● Task objective:
What is needed is an exact repeat of the entries, with no pictures in it.

● Provided material:
· · · · ·
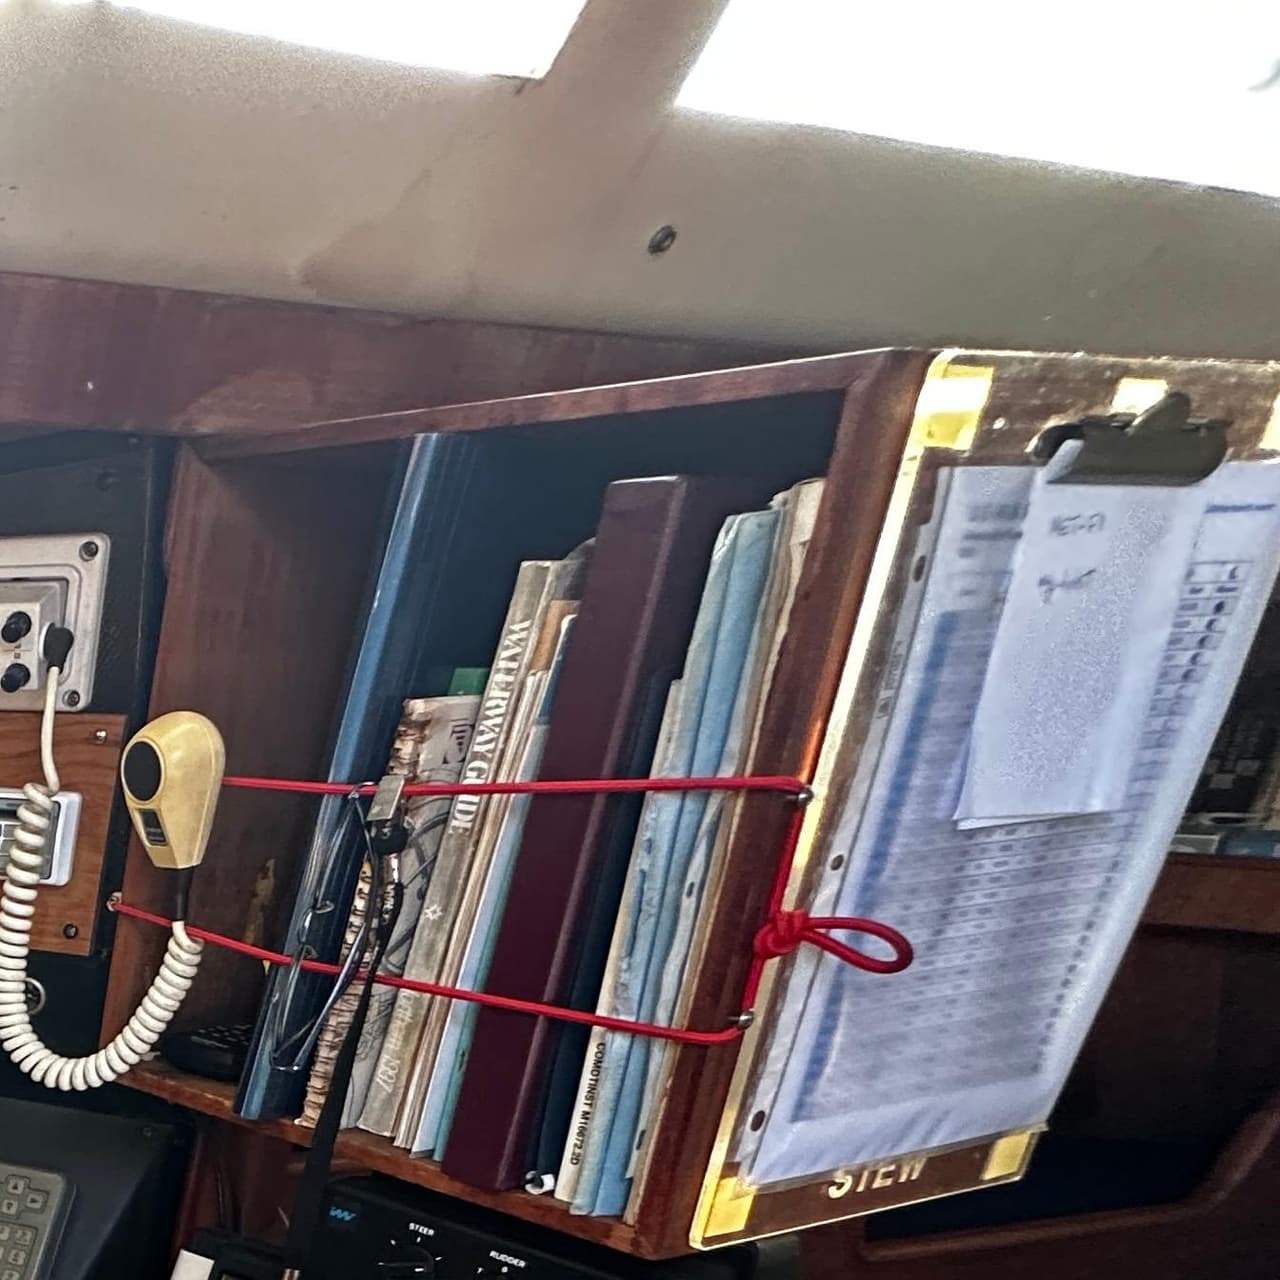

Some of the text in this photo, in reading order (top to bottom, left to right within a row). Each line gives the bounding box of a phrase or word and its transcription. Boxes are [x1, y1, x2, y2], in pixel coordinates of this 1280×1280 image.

[450, 619, 532, 835] WATERWAY GUIDE
[376, 986, 417, 1093] orthern 1997
[583, 1042, 607, 1109] COMDTINST
[408, 1222, 435, 1237] STEER
[489, 1251, 527, 1269] RUDDER
· · · · ·
● Final answer:
Some of the text in this photo, in reading order (top to bottom, left to right within a row). Each line gives the bounding box of a phrase or word and its transcription. Boxes are [x1, y1, x2, y2], in pixel coordinates of this 1280×1280 image.

[450, 619, 532, 835] WATERWAY GUIDE
[376, 986, 417, 1093] orthern 1997
[583, 1042, 607, 1109] COMDTINST
[408, 1222, 435, 1237] STEER
[489, 1251, 527, 1269] RUDDER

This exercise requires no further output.